A slow bike ride and a Slow Food lunch in Pacentro

On a dark and very rainy day in 2013, I first visited Pacentro, a medieval village perched at 690 meters above sea level on the side of Monte Morrone, near Sulmona.

Lucky to be in Sulmona again in this year, I decided to see nearby Pacentro in the sunshine. I thought, “I’ll rent a bike for the day and ride there. There’s just a bit of a hill at the end”. Well, there is a hill at the end, but I underestimated it big time.

The ride

Riding out of Porta Napoli in Sulmona, I located a small side road that my map promised would rejoin the busier road, the SR487, further along, close to Pacentro. The trip was full of surprises.

I didn’t expect to ride four kilometres on a gravel track only to find a washed-out bridge, causing me to turn back and find an alternative route. But, like many detours, the alternative turned out to be as good, if no better. I pedalled through beautiful small farms on a sunny, late-spring day in the heart of Abruzzo. There were olive groves, fruit orchards, grapevines, dairy cattle, and newly mown hay for the animals.

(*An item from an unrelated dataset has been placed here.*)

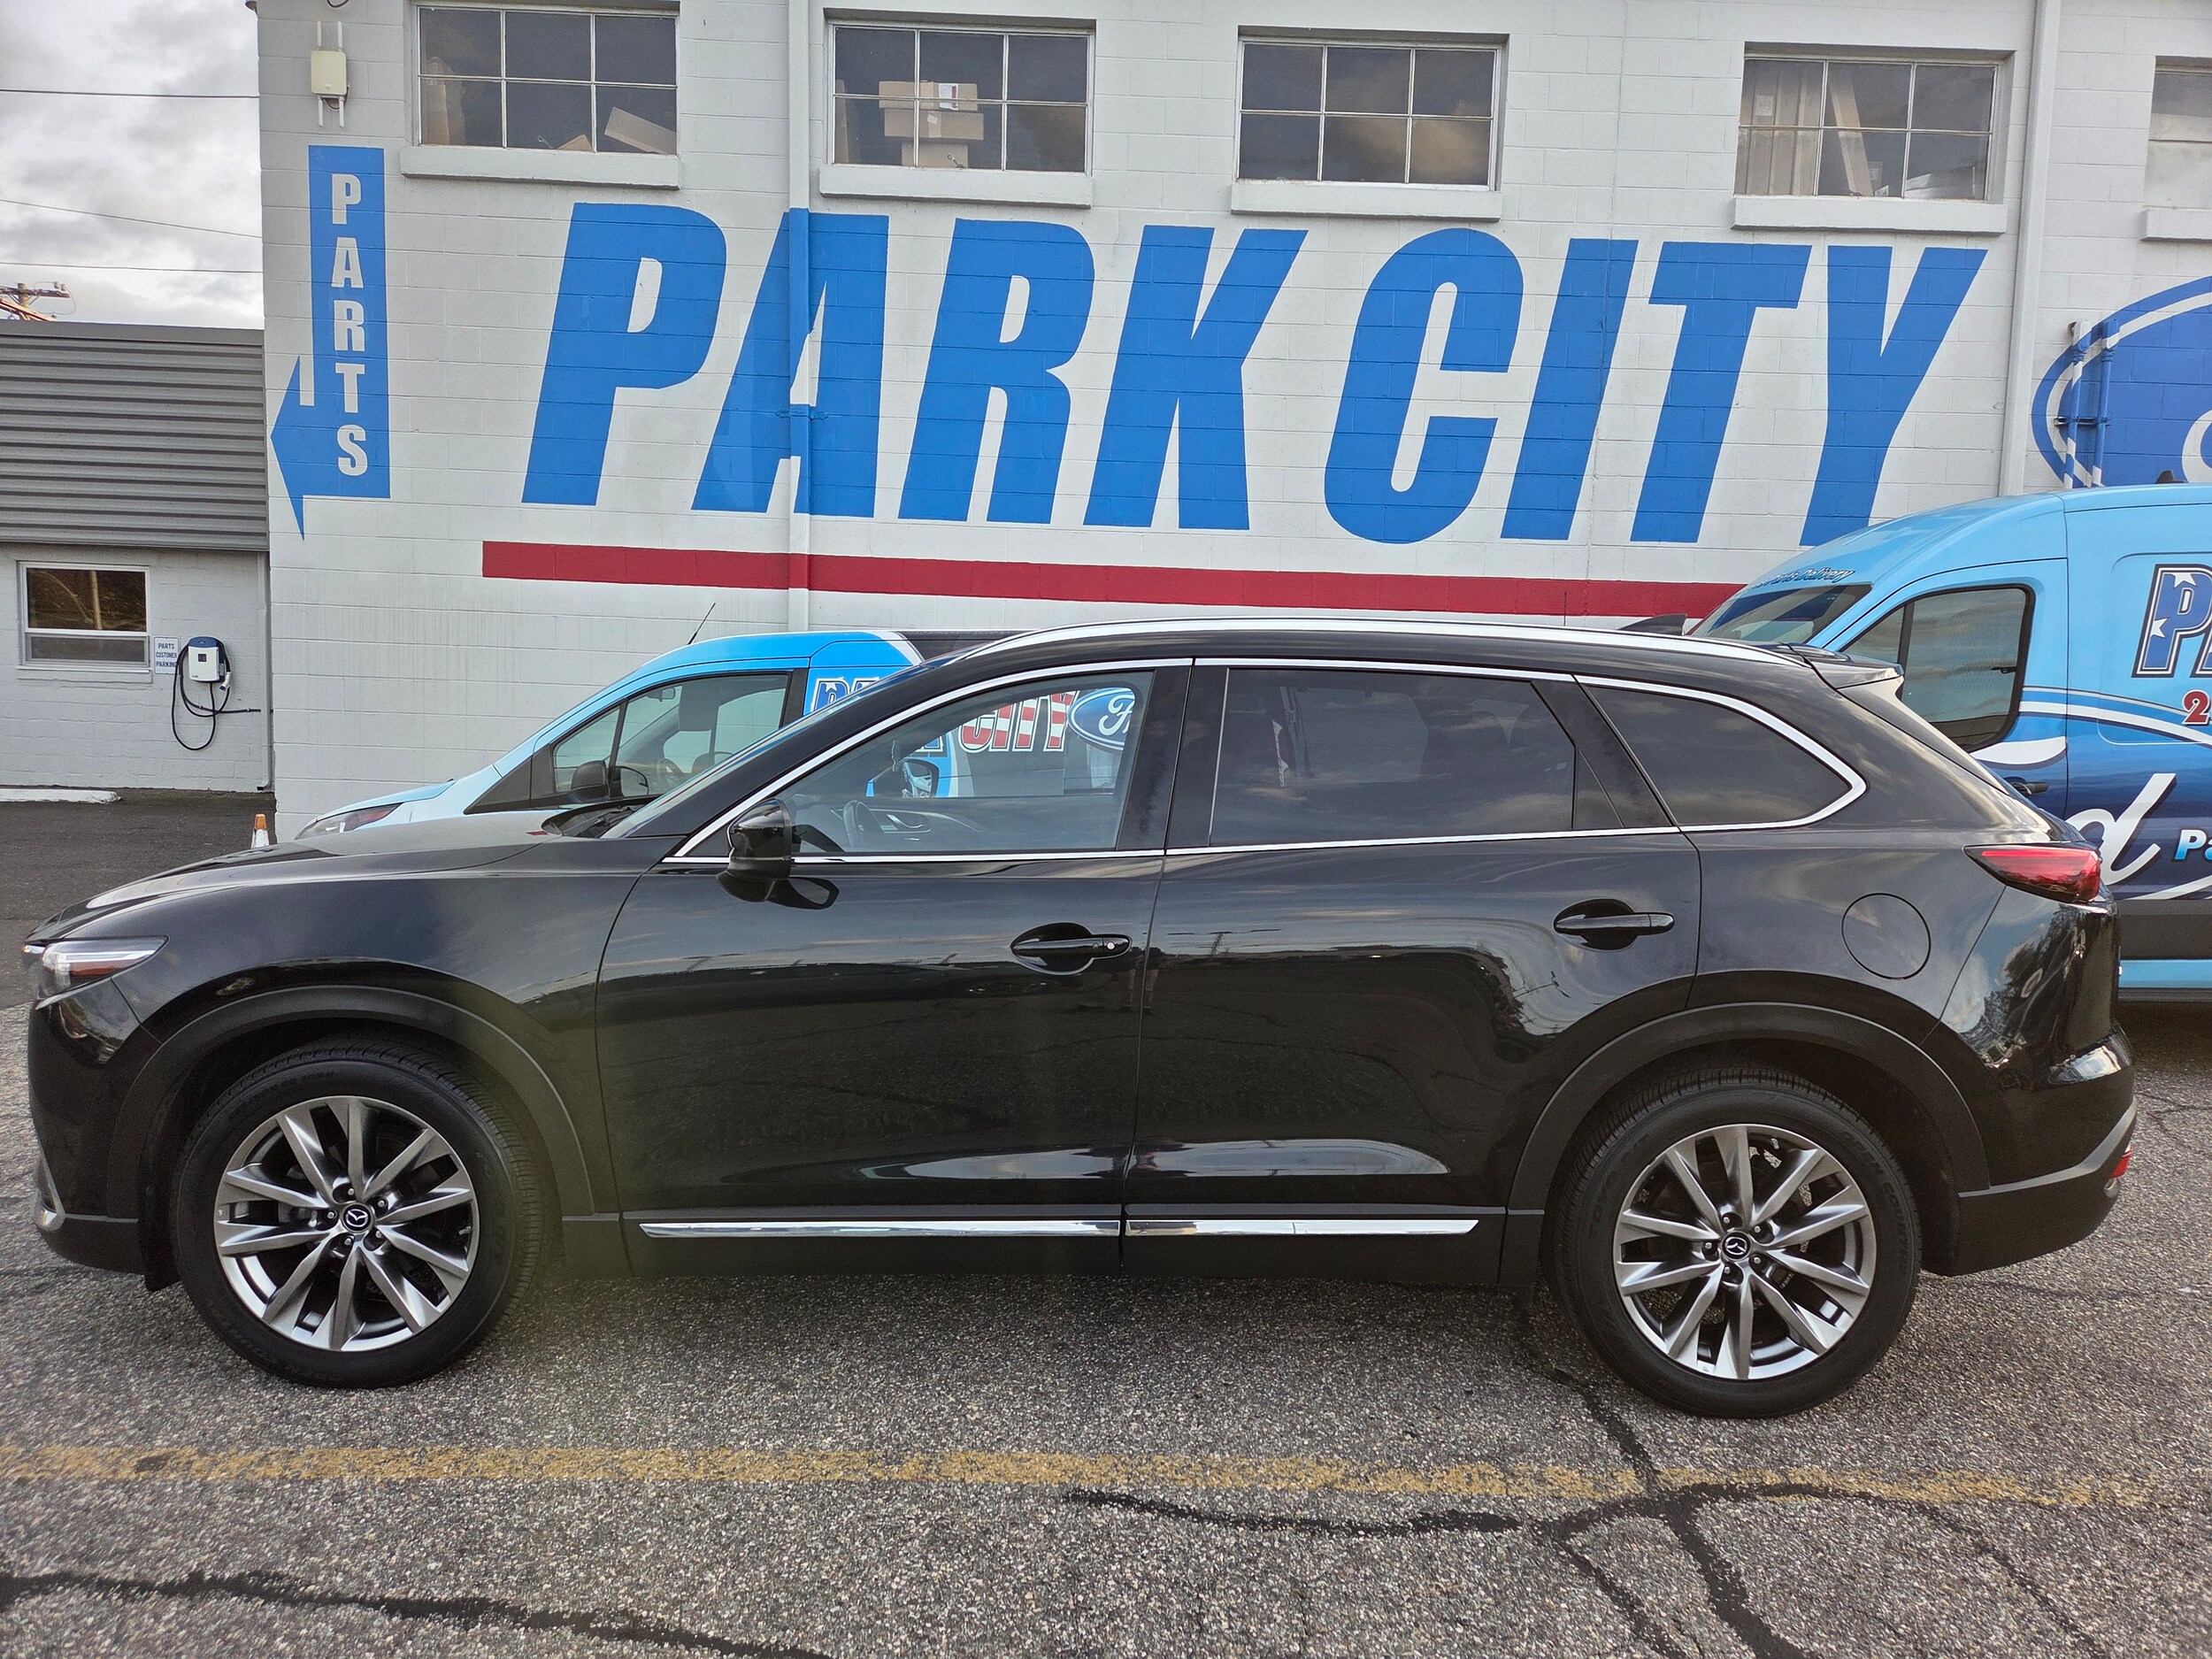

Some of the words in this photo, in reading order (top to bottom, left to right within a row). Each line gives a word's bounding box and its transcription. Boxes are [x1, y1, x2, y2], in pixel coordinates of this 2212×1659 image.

I passed no other bikes and only one or two cars for the two hours. The ride didn’t require two hours, but I was compelled to stop often and take photos. And that last kilometre was all uphill.


Proud that I hadn’t needed to dismount my trusted rental bike on the final push uphill into Pacentro, I decided to treat myself to a proper sit-down lunch. Not just a panino in the piazza. The first restaurant I came to once in town was Taverna de li Caldora.

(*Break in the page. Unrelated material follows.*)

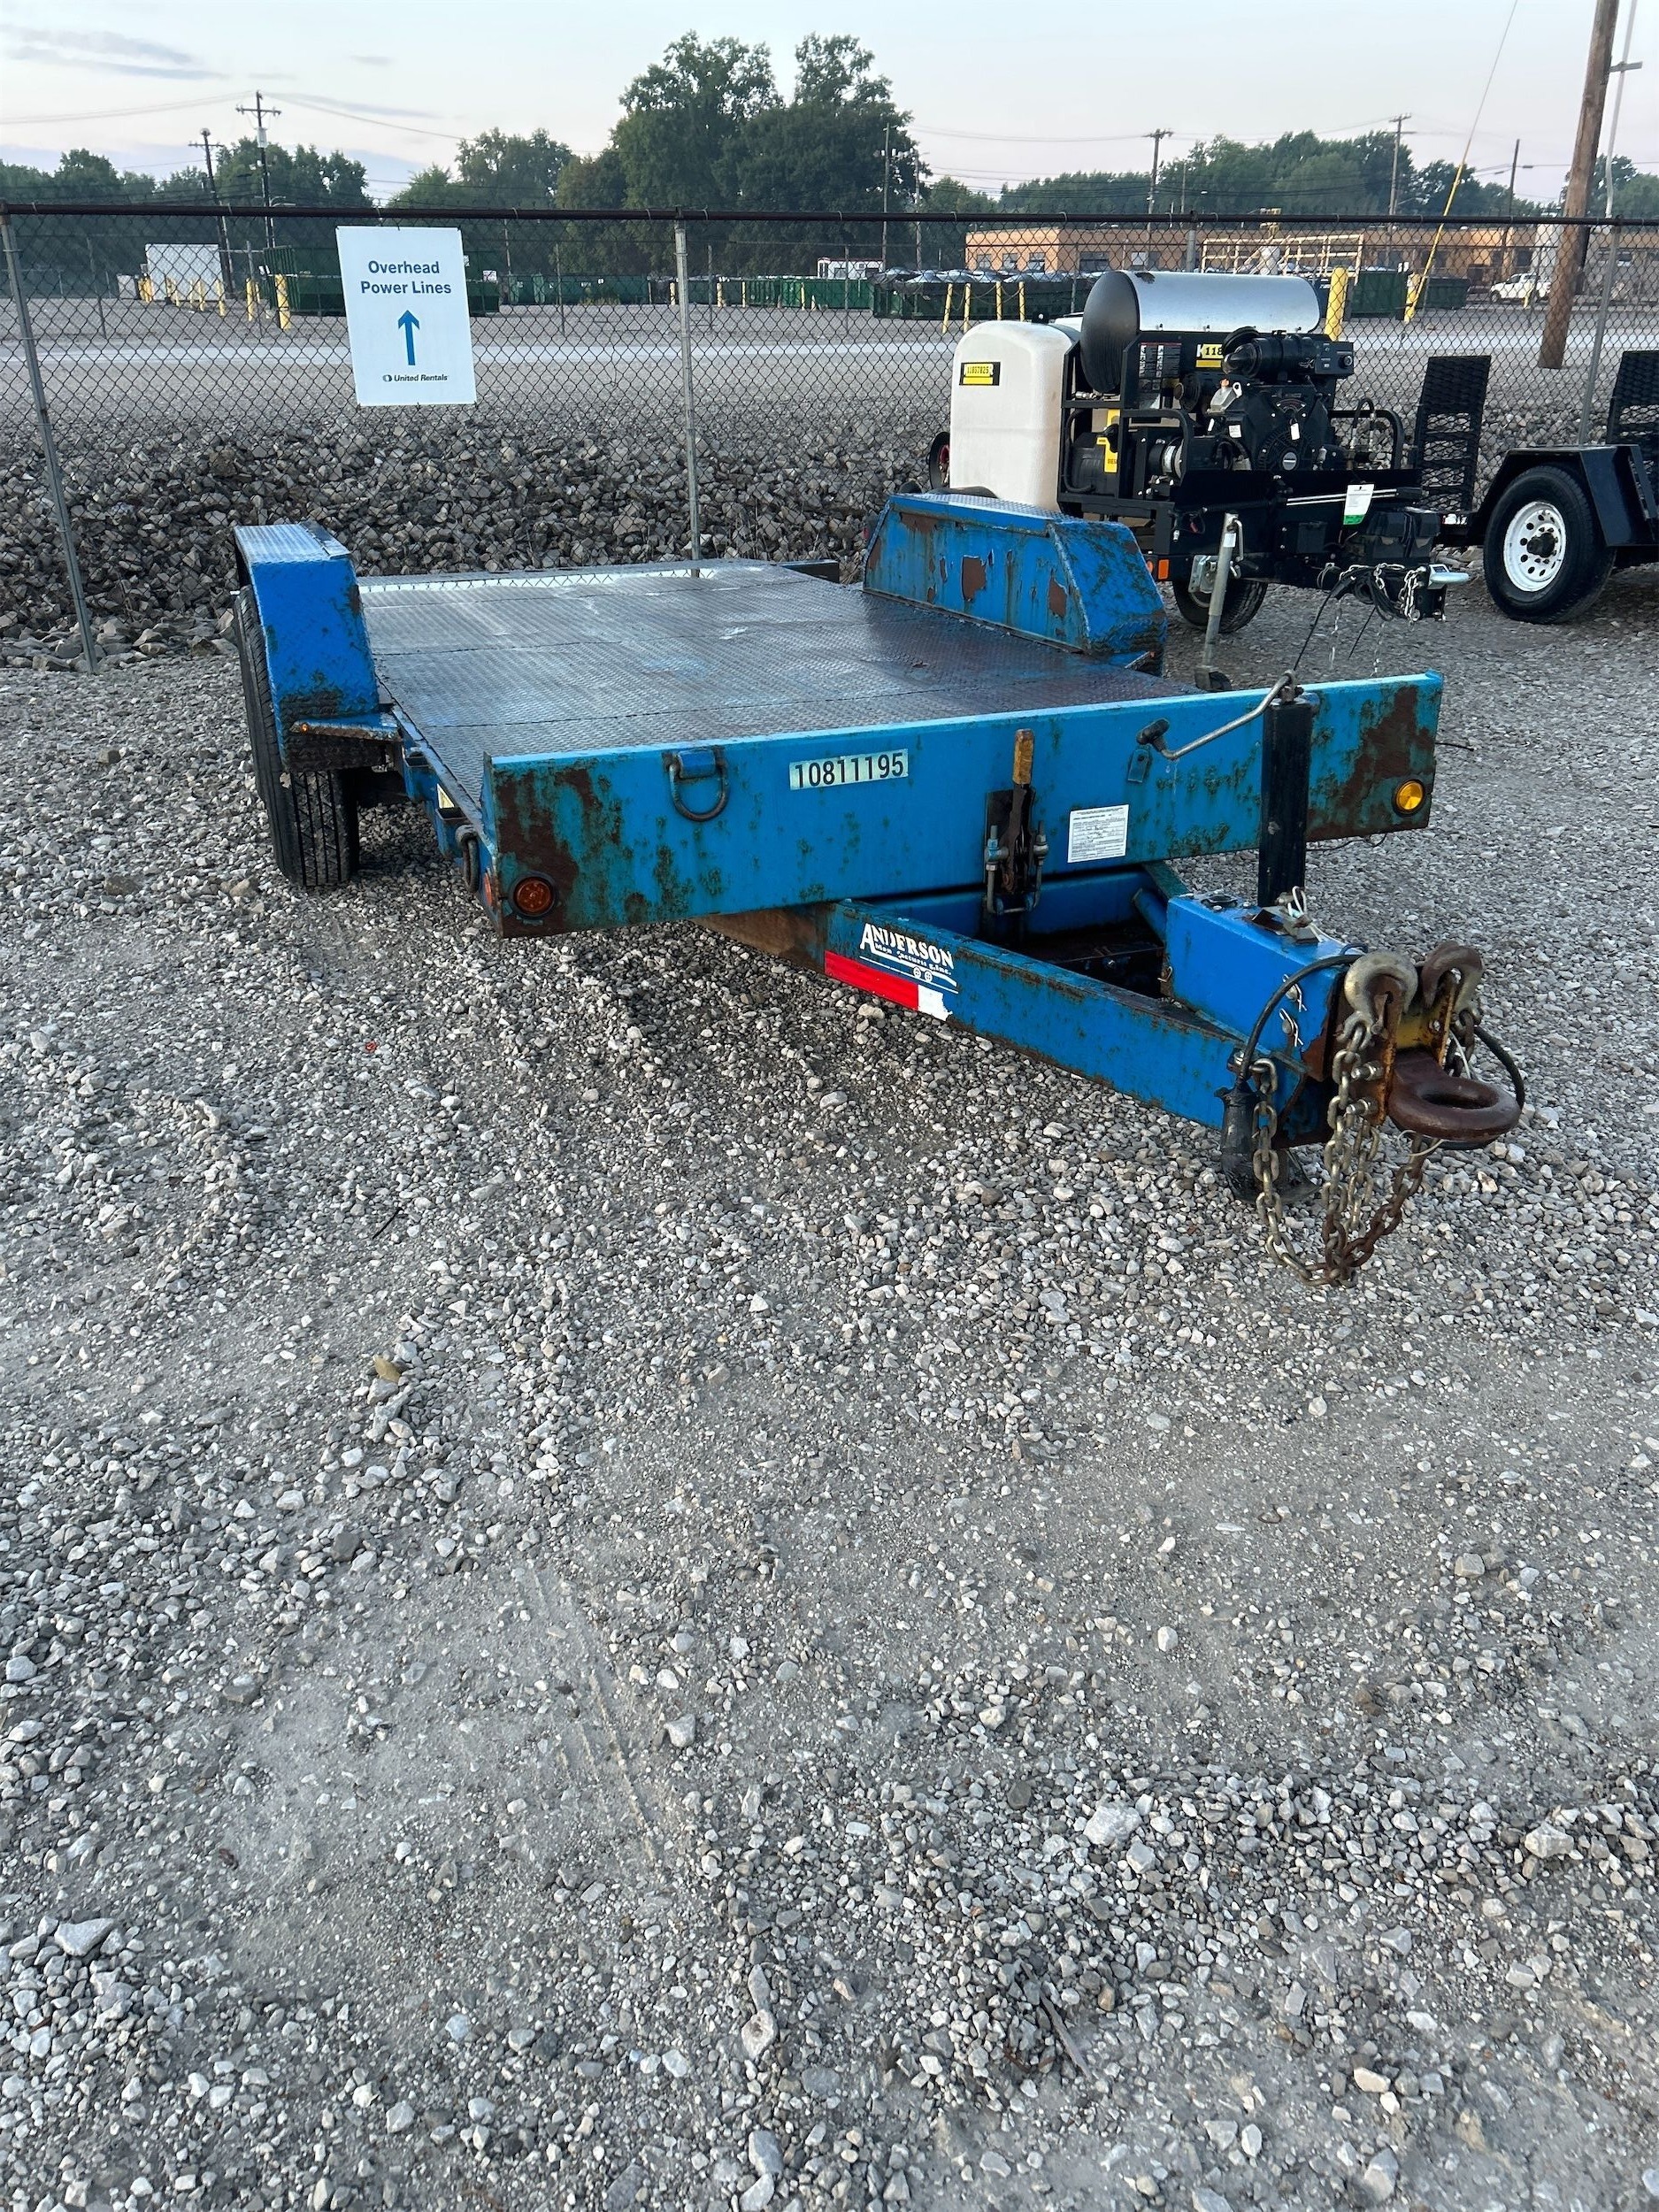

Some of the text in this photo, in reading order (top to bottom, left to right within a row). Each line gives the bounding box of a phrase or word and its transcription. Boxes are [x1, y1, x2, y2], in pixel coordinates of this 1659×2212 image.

[368, 260, 440, 274] Overhead
[361, 280, 452, 294] Power Lines
[795, 752, 903, 788] 10811195
[859, 923, 955, 970] ANDERSON

Needing to freshen up after the hill, I nipped into the ladies room to behold the best washroom view in Abruzzo, overlooking old tiled roofs towards the Valle Peligna (Peligna Valley).

A glass of local Cerasuola (a rosé from the Montepulciano d’Abruzzo grape) and a bowl of ravioli (sheep’s milk ricotta-filled) were all I needed to replace the carbs spent cycling. It was a Monday afternoon, and though off-season, the restaurant was busy. The buzz of happy lunchers warmed me so, replacing the memory of that rainy June day three years prior.

When I had paid ‘il conto’ I had a look around the other rooms in the restaurant and there was my second surprise of the day. The archway of one room was adorned with awards from the Slow Food movement, one for each of the last 10 years.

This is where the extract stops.